Volume 14 | Issue 5
Volume 14 | Issue 5
Volume 14 | Issue 5
Volume 14 | Issue 5
Volume 14 | Issue 5
The objective of the project titled "Malware Analysis and Detection Using Machine Learning Algorithm" is to improve the effectiveness of cyber-security measures by reliably detecting malicious software via the use of sophisticated machine learning protocols. In addition to being built using Python, the project makes use of the Flask web framework for backend operations. Additionally, HTML, CSS, and JavaScript are used in order to provide a frontend experience that is both responsive and interactive. The Extra Tree Classifier and Logistic Regression are the two machine learning models that are at the core of this research.

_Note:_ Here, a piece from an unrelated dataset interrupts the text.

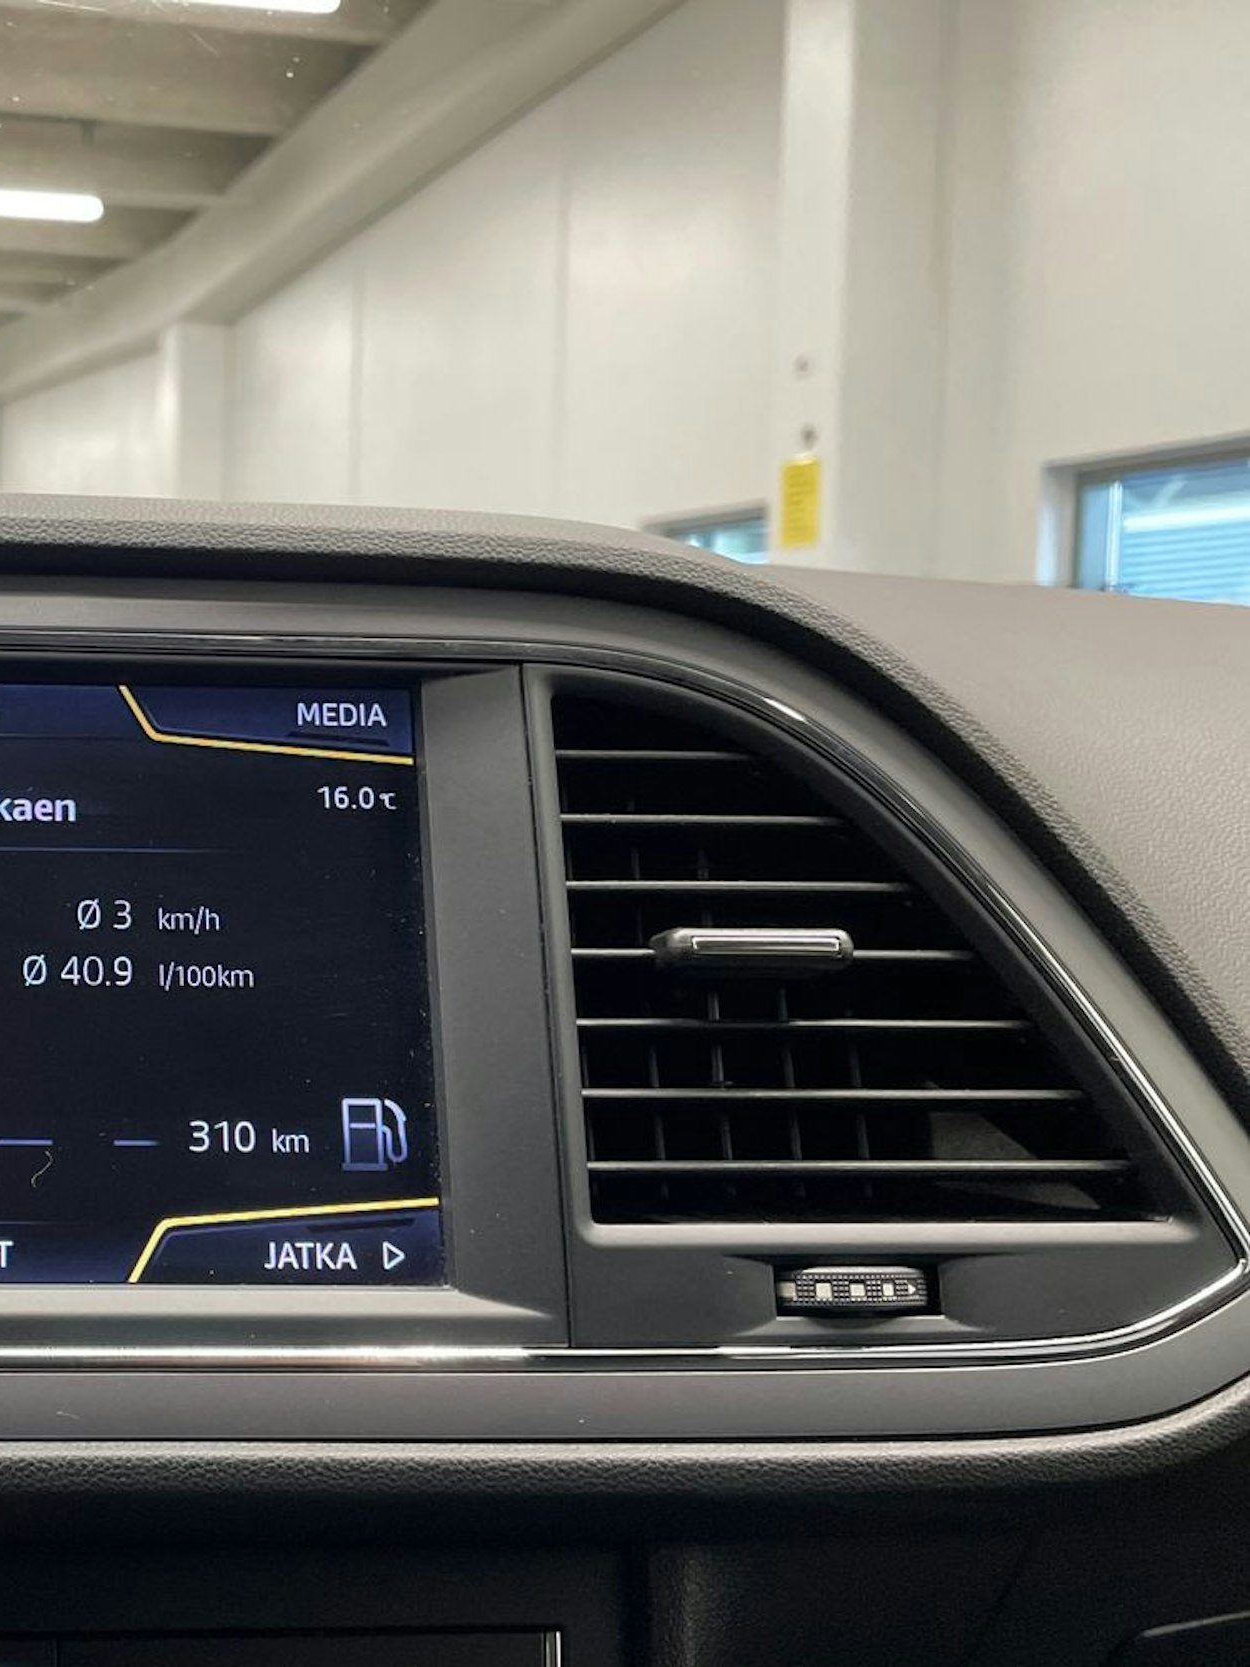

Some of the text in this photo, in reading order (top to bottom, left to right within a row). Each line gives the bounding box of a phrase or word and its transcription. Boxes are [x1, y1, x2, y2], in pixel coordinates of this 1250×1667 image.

A training accuracy of 97.42% and a testing accuracy of 97.23% are both achieved by the Extra Tree Classifier model, which displays exceptional performance. As a point of reference, the Logistic Regression model achieves an accuracy of 94.84% during training and 93.67% during testing. Both models are trained and verified with the use of the TUNADROMD dataset, which consists of 4465 cases and 242 characteristics. The target classification attribute is responsible for discriminating between malware and goodware.For the purpose of the study, a subset of 23 qualities was chosen and selected on the basis of their significance and influence on the categorization problem. With this deliberate choice, we hope to improve the performance of the model while simultaneously lowering the complexity of the computations. The findings of the experiment reveal that the Extra Tree Classifier is very efficient in discriminating between dangerous and benign software. As a consequence, it provides a trustworthy instrument for the detection of malware in applications that are used in the real world. In general, this study illustrates the effectiveness of machine learning algorithms in the field of cyber security. It offers a strong solution for the identification of malware that can be included into a variety of digital security infrastructures.